Records drawn from a dataset:
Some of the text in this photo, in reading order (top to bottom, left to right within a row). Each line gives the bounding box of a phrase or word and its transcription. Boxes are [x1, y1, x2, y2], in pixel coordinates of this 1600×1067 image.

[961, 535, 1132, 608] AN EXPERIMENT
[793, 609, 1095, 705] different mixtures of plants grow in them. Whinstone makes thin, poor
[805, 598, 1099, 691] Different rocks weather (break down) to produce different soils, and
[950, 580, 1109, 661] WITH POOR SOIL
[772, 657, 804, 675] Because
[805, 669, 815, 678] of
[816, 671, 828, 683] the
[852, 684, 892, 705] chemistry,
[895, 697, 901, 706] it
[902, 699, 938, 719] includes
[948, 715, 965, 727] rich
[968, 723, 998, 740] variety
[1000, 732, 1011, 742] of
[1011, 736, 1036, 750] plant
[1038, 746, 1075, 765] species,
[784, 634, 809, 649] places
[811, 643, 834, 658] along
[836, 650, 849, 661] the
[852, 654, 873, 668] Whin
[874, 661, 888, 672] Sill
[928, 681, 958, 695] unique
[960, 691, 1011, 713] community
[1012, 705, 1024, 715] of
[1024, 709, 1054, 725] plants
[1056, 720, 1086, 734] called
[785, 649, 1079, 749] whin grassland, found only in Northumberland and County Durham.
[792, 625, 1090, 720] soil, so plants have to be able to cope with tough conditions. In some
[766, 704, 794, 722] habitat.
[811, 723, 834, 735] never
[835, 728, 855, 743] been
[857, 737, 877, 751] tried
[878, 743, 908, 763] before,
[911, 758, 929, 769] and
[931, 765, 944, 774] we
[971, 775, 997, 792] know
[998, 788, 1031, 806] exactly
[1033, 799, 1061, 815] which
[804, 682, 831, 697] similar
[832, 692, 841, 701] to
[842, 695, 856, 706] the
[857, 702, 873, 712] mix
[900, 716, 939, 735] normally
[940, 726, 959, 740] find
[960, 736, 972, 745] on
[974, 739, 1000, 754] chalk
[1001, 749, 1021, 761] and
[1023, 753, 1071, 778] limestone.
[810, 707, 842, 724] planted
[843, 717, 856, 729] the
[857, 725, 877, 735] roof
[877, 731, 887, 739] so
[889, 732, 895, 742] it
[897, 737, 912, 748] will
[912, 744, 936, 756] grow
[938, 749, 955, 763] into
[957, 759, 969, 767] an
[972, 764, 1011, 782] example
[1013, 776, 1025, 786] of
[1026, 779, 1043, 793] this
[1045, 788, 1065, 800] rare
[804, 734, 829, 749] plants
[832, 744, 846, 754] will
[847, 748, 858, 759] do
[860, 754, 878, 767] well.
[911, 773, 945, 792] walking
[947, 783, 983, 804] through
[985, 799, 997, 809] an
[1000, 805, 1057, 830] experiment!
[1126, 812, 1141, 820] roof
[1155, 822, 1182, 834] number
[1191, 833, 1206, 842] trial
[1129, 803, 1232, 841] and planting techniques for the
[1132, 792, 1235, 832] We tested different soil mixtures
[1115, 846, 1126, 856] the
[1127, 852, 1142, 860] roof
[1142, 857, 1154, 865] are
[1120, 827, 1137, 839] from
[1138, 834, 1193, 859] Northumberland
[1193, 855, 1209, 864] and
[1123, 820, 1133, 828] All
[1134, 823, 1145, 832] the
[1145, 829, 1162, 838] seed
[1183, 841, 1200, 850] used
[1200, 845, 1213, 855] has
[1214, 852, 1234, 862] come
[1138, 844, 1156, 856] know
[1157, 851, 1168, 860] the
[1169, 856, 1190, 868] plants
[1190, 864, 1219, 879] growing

...

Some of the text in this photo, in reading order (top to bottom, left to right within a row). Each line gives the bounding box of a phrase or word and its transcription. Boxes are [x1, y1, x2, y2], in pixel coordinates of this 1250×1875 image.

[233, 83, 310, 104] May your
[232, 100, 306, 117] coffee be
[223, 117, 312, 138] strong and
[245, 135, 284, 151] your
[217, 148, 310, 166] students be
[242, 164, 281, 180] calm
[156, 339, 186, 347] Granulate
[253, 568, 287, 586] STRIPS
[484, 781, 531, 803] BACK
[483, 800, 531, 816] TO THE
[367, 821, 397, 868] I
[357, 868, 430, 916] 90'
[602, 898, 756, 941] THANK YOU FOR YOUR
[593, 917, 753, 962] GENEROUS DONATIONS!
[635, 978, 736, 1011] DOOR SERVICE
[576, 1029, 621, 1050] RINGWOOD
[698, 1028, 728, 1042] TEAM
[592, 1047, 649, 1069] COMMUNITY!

--

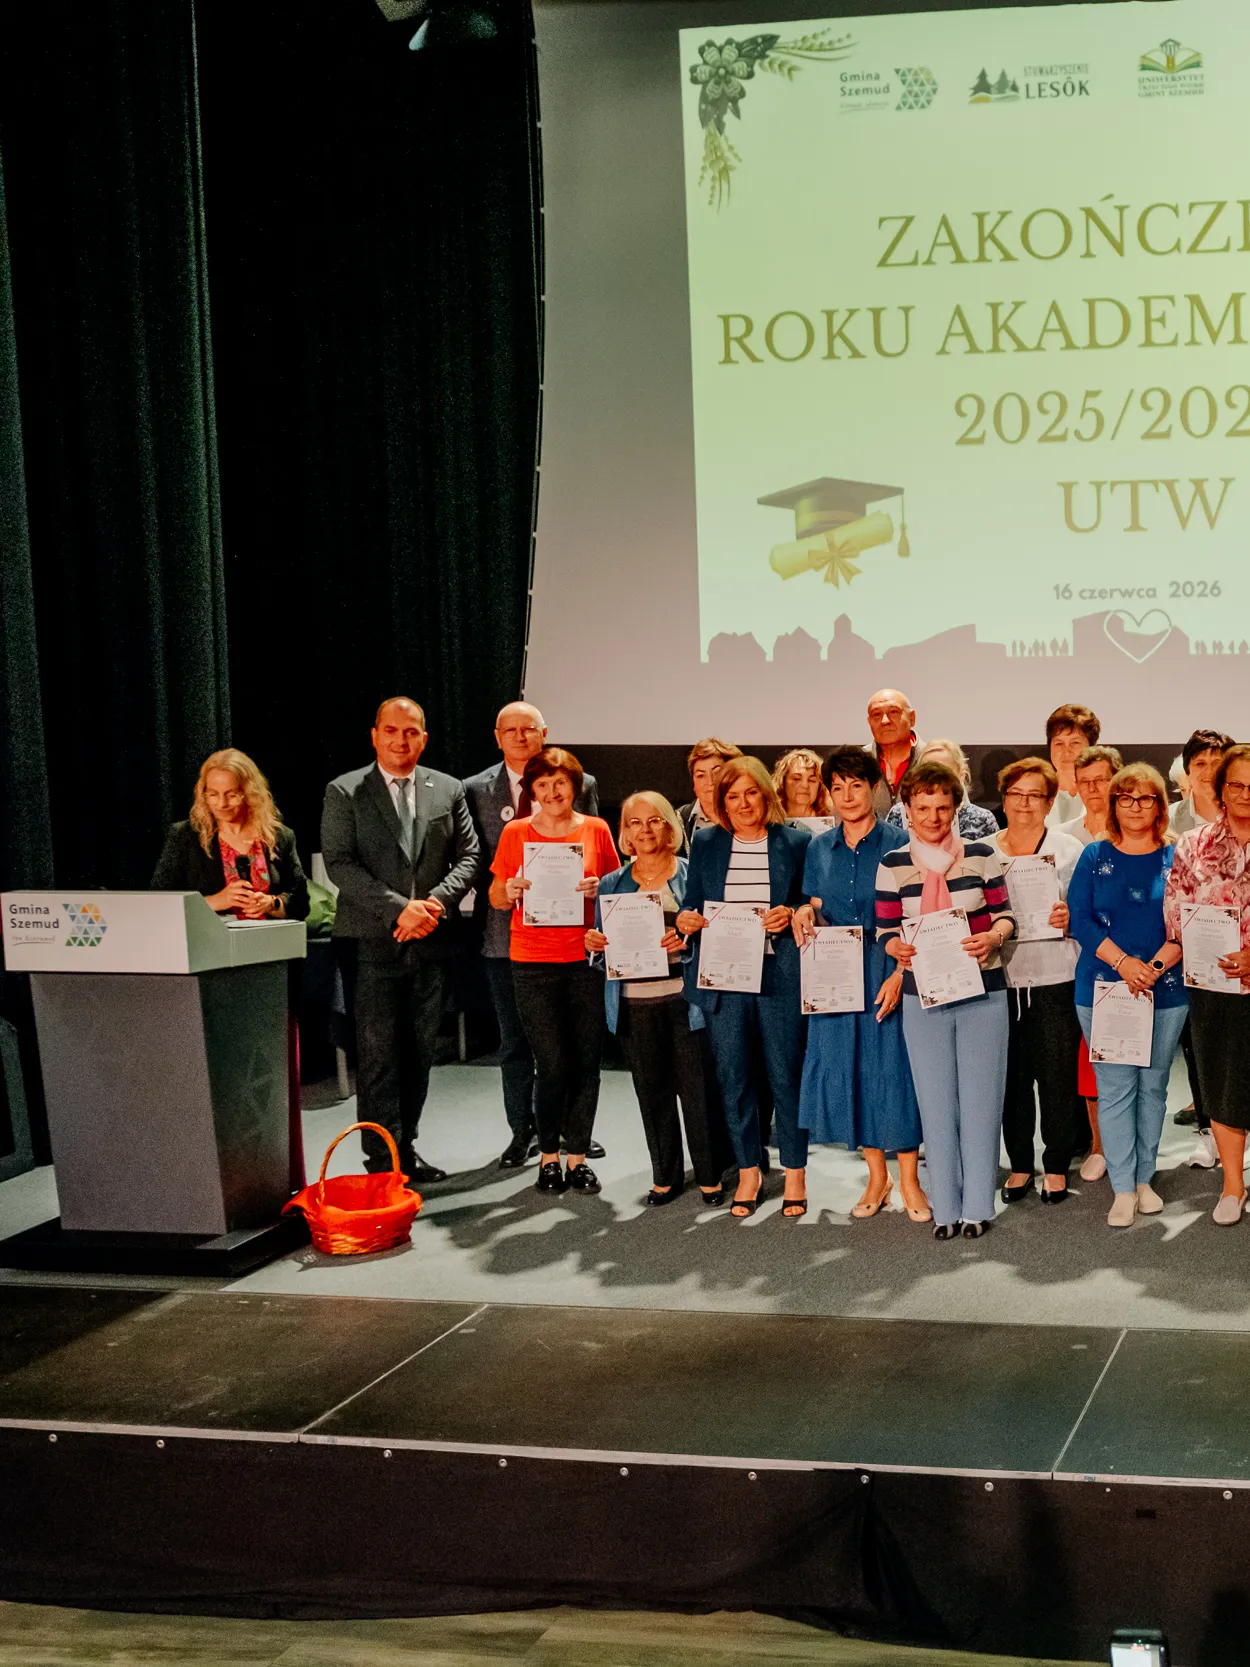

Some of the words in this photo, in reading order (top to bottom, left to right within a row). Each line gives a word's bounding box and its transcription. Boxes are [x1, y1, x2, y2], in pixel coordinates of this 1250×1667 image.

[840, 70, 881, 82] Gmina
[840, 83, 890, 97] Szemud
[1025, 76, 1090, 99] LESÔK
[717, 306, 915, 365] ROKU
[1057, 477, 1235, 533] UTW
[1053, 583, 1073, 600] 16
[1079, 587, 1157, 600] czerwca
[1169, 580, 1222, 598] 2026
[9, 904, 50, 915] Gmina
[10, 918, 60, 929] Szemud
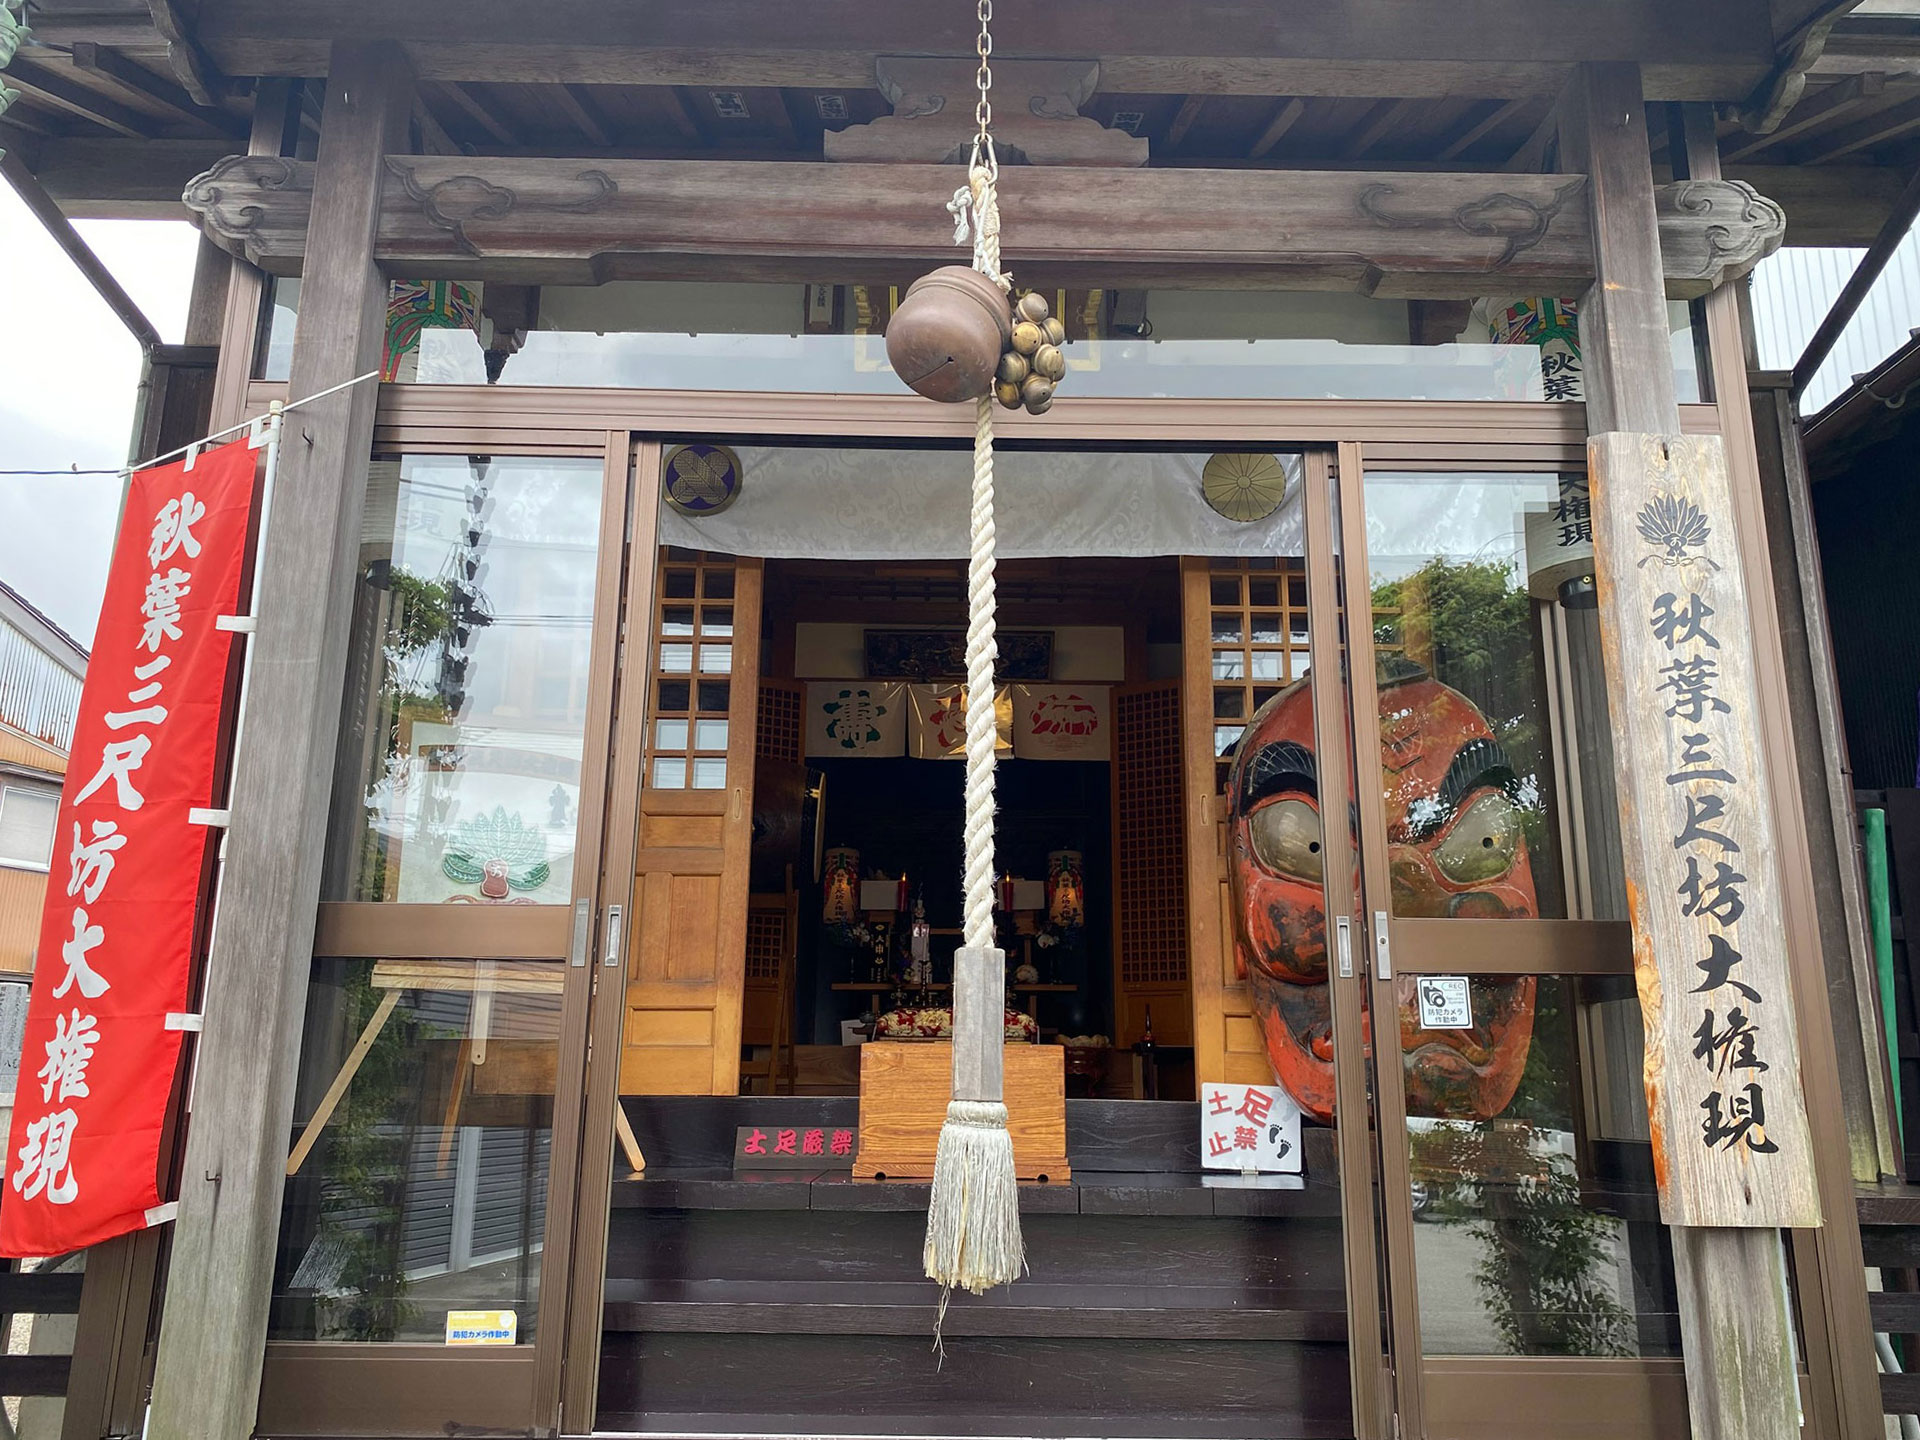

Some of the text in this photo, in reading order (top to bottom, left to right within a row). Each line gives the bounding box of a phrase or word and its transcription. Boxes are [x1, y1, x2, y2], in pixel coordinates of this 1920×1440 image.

== Aim of the task ==
Without the pictures, give again exactly the lines above starting at the line containing "Some of the words" and ending at the line containing "this 1920×1440 image.".

== Solution ==
Some of the words in this photo, in reading order (top to bottom, left to right within a row). Each line gives a word's bounding box and its transcription. Boxes are [x1, y1, x2, y2], in pixel coordinates of this 1250×1667 image.

[840, 70, 881, 82] Gmina
[840, 83, 890, 97] Szemud
[1025, 76, 1090, 99] LESÔK
[717, 306, 915, 365] ROKU
[1057, 477, 1235, 533] UTW
[1053, 583, 1073, 600] 16
[1079, 587, 1157, 600] czerwca
[1169, 580, 1222, 598] 2026
[9, 904, 50, 915] Gmina
[10, 918, 60, 929] Szemud

Some of the text in this photo, in reading order (top to bottom, left to right within a row). Each line gives the bounding box of a phrase or word and its transcription. Boxes are [x1, y1, x2, y2], in pixel coordinates of this 1920×1440 image.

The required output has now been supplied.